Twenty-Four Years of Slow Change

I came back as planned!

The trip was fantastic. My best friend and I got along great, and it was a wonderful reminder of the days we travelled together early in our friendship. I felt very loved and very loving.

Not everything was the way I imagined, but that usually is the case. Some things were — the desert in Coober Pedy is every bit as beautiful as I thought it would be. I wish we could have stayed a lot longer. Tasmania was gorgeous. Wombats look like I thought they would, and guess what — Tasmanian Devils sorta look like small wombats. We saw a duck-billed platypus, a whale, dolphins, seals, a pandemelon and tawny frogmouths (I’ll let you Google them), a koala, kangaroos and emus with chicks along the road. That was far more than I expected.

The low point of the trip was when a hungry kangaroo in a petting zoo clawed me and then ate all the food I was giving him, and the paper bag, too. The ones I had seen before were sweet and gentle and well fed. I couldn’t hold it against him — he was a wild animal and seemed to be given mainly hay. With a diet of hay, I would have lunged for goodies, too.

My back was horrible, and remains so. It feels worse, probably because I don’t have new experiences and all that beauty to distract me. I’m having a hard time accepting that this is my new baseline and I will have to make a whole lot more accommodations. My guess is that this was my last big trip, and that makes me very sad.
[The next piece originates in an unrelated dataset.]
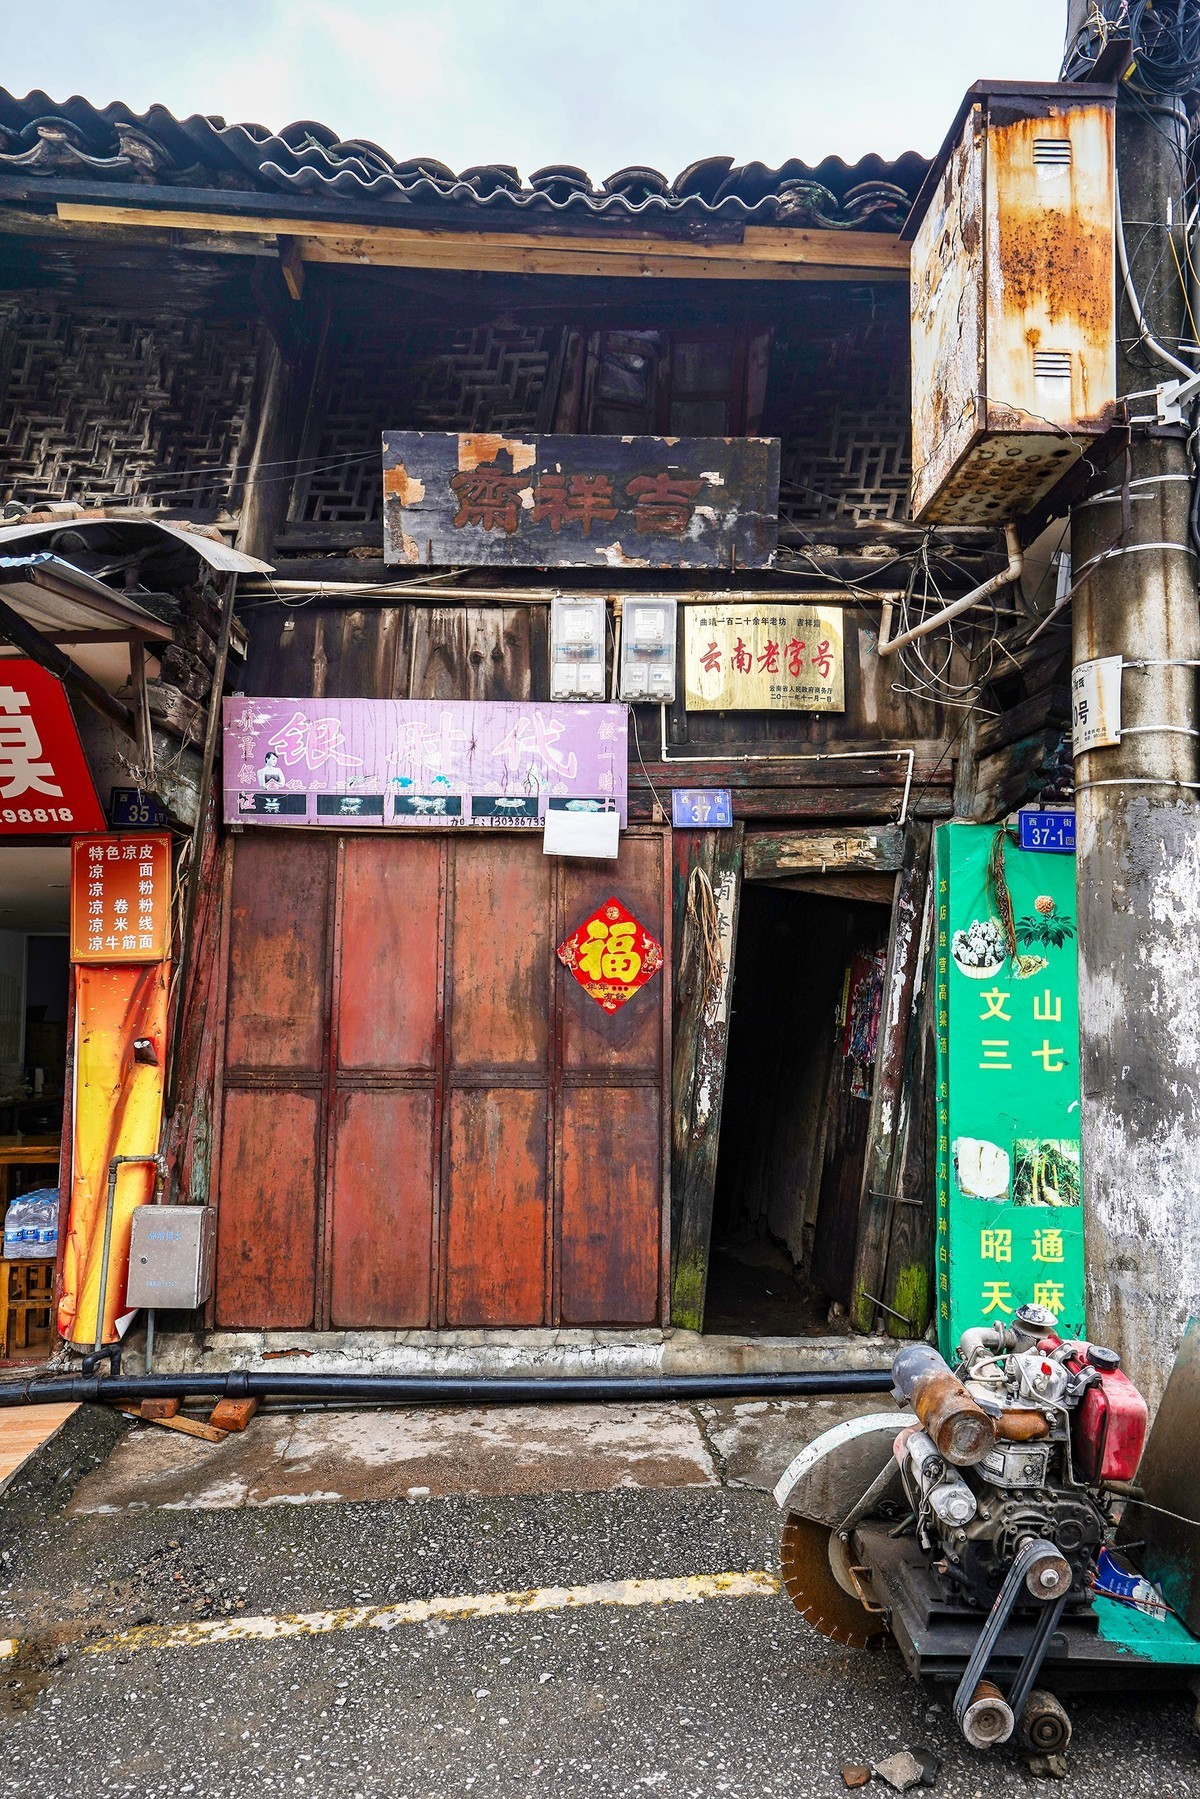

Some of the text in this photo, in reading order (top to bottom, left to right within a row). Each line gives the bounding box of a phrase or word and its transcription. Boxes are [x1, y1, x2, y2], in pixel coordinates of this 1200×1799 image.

Funny how my body is going downhill even as I get better psychologically.

Rereading what I just wrote, I notice that there are no references to ritual abuse or its after-effects except for the last word of the preceding sentence. A while ago it would have been all about RA, and Australia would have been barely mentioned. When I look back on the day when my memories first exploded into consciousness, I cannot believe the change. If you had told me then that I could ever feel like this, I would have thought you were lying in an attempt to keep me from killing myself.
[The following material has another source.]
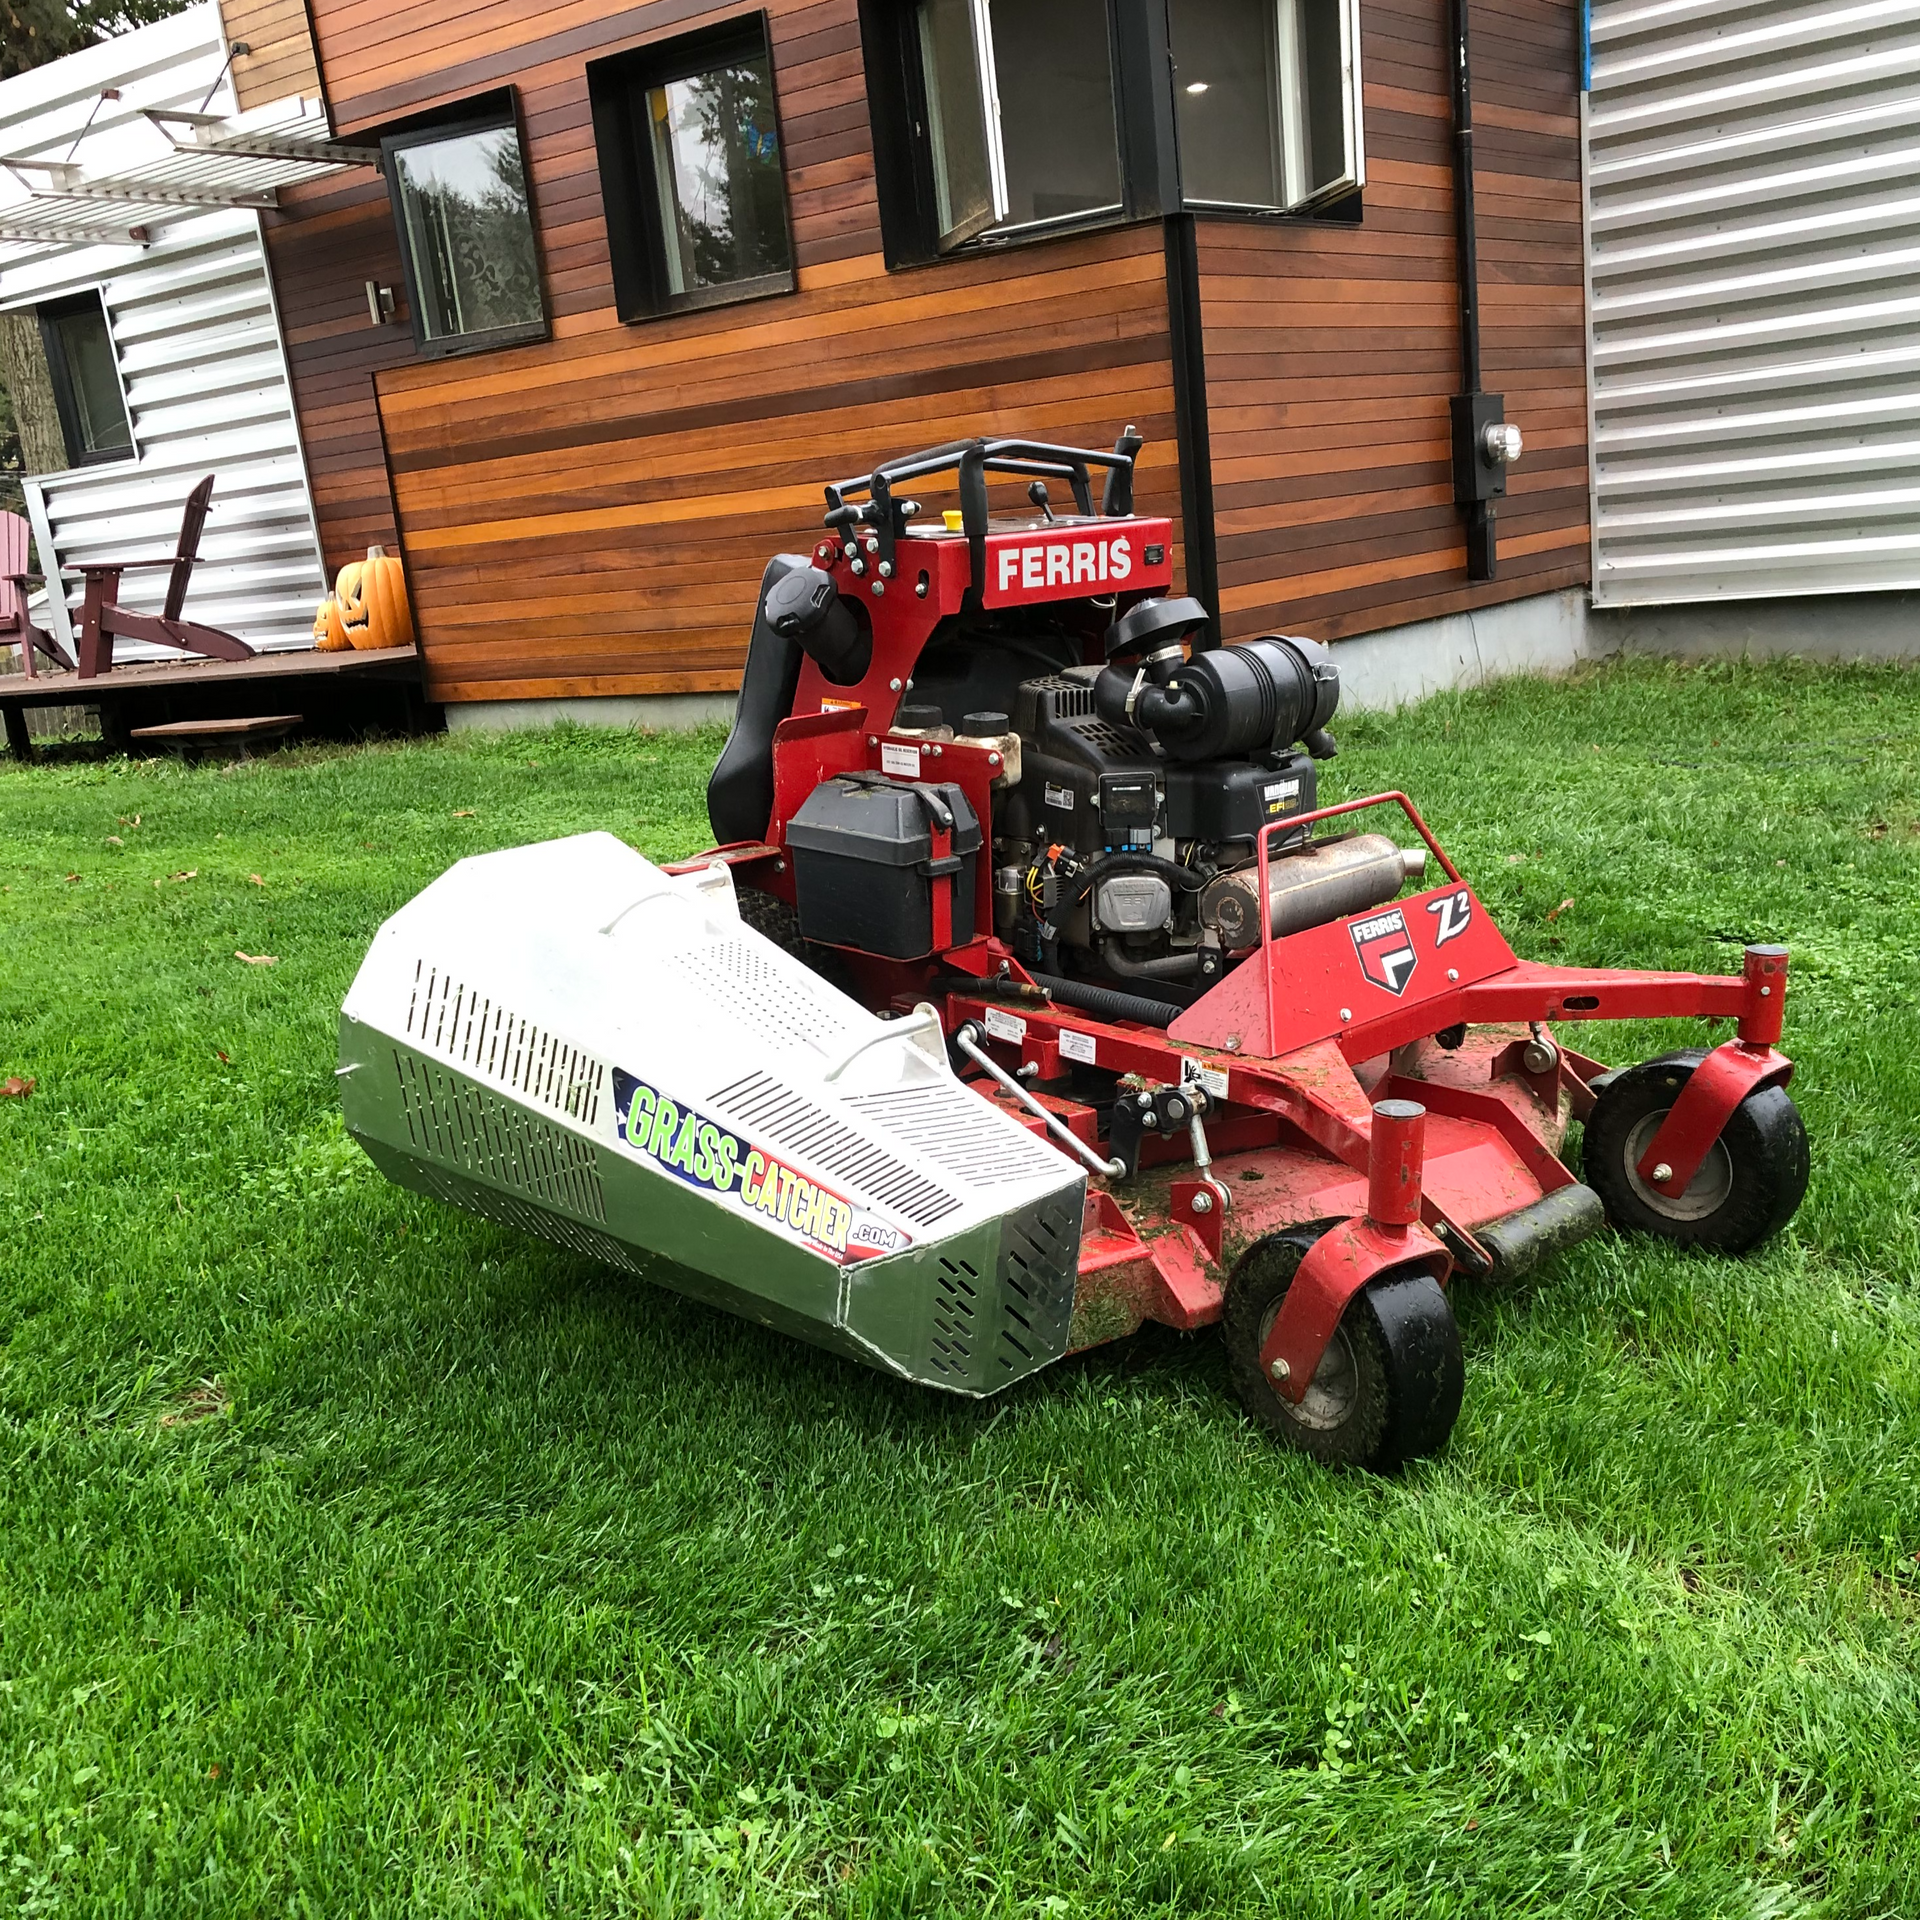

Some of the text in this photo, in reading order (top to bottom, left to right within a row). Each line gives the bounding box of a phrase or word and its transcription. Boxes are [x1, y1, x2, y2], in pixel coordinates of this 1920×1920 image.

[998, 538, 1132, 591] FERRIS
[1269, 801, 1285, 814] EFI
[1352, 912, 1403, 943] FERRIS
[624, 1085, 897, 1253] GRASS-CATCHER .COM
I wish I could tell those in the early or middle stages of coming to grips with ritual abuse that it can get better, miraculously better. I can tell them, but I can’t make them believe it, any more than I could have believed it in the beginning. There was no room for hope then, there was only the grim daily struggle to stay alive. And, oddly enough, what I did to stay alive led, small step by small step, to where I am today. There is so much to be grateful for, so much to celebrate!
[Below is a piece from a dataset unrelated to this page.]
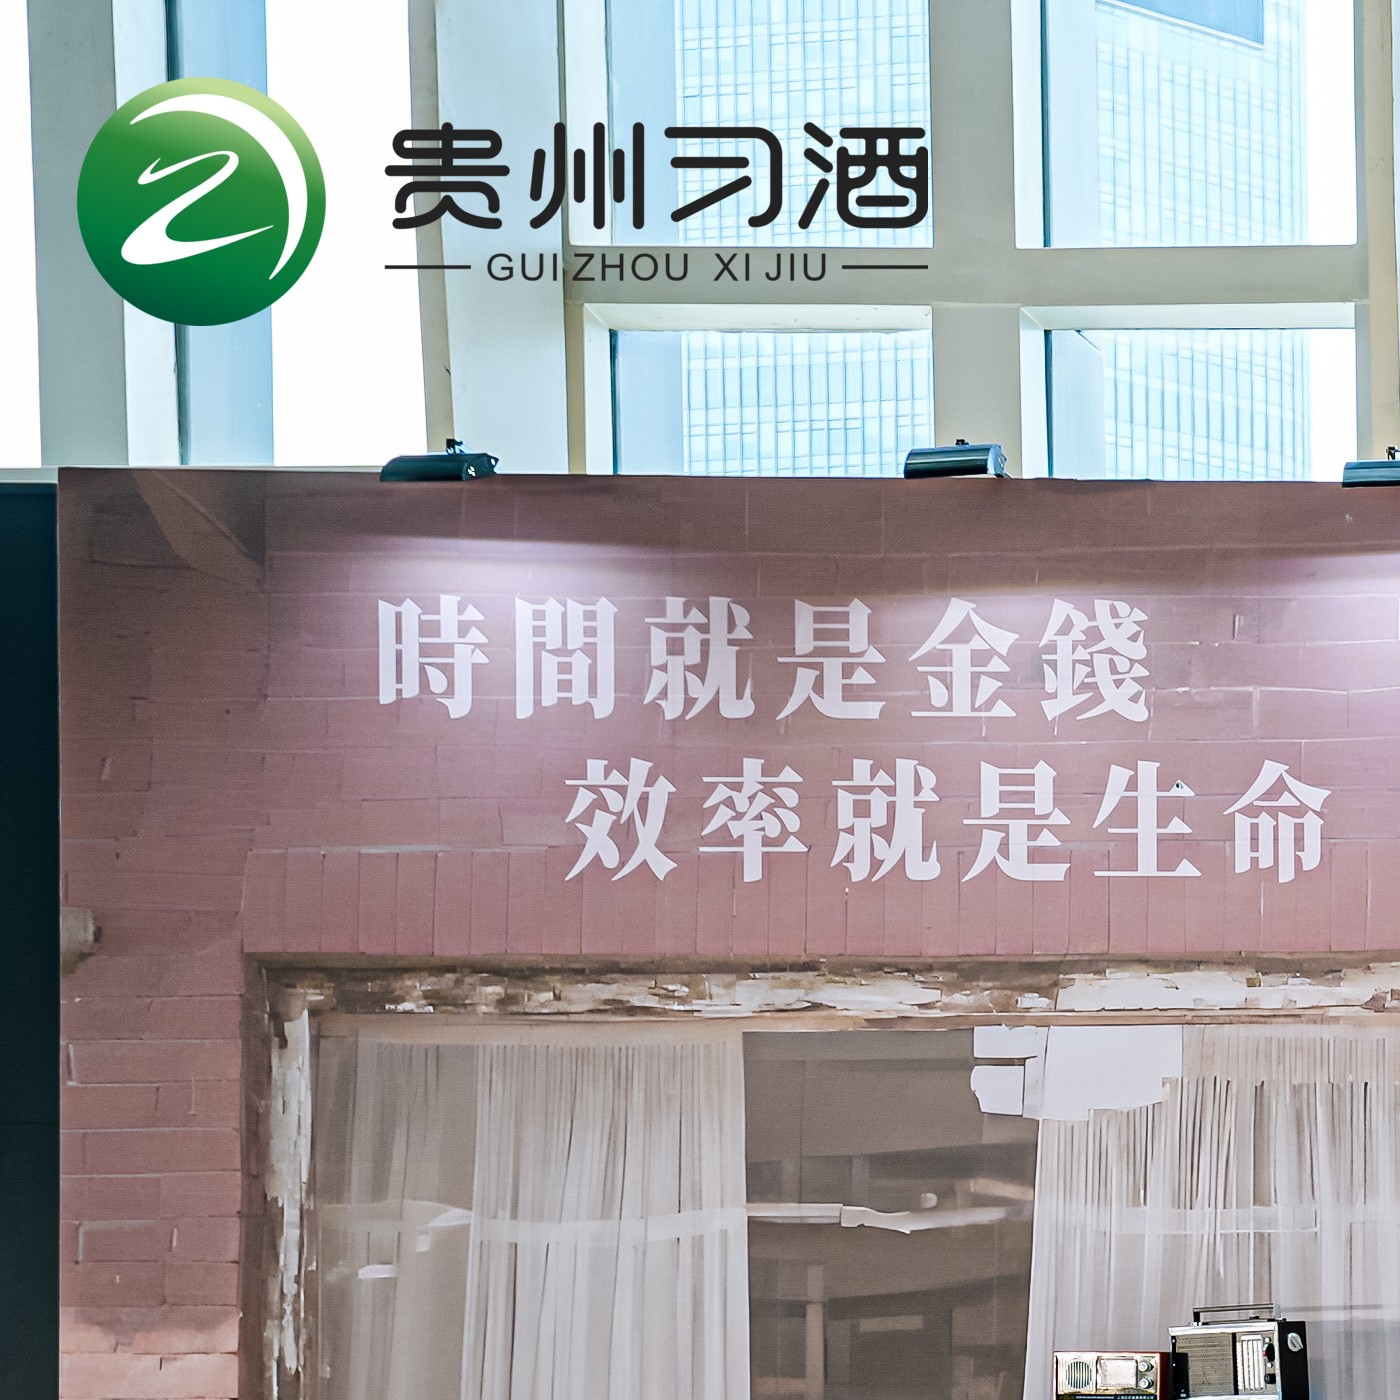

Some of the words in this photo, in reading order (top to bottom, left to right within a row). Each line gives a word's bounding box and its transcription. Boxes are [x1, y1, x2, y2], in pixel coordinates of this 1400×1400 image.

[376, 597, 1152, 723] 時間就是金錢
[564, 758, 1333, 886] 效率就是生命
One thought on “Twenty-Four Years of Slow Change

  1. Congratulations on getting such a great trip and your life back! There is good, humanity in us that can bring everything positive in our life, you just need to want it. I know that when you start in some terrible world, it may look like you are never getting something else. But with the basics and organized work, you’ll be amazed how much you can do in some years just using your what you have. I wish you no less enjoyable life here, Jean and for the others to go up as well, so we can move from therapy to something greater.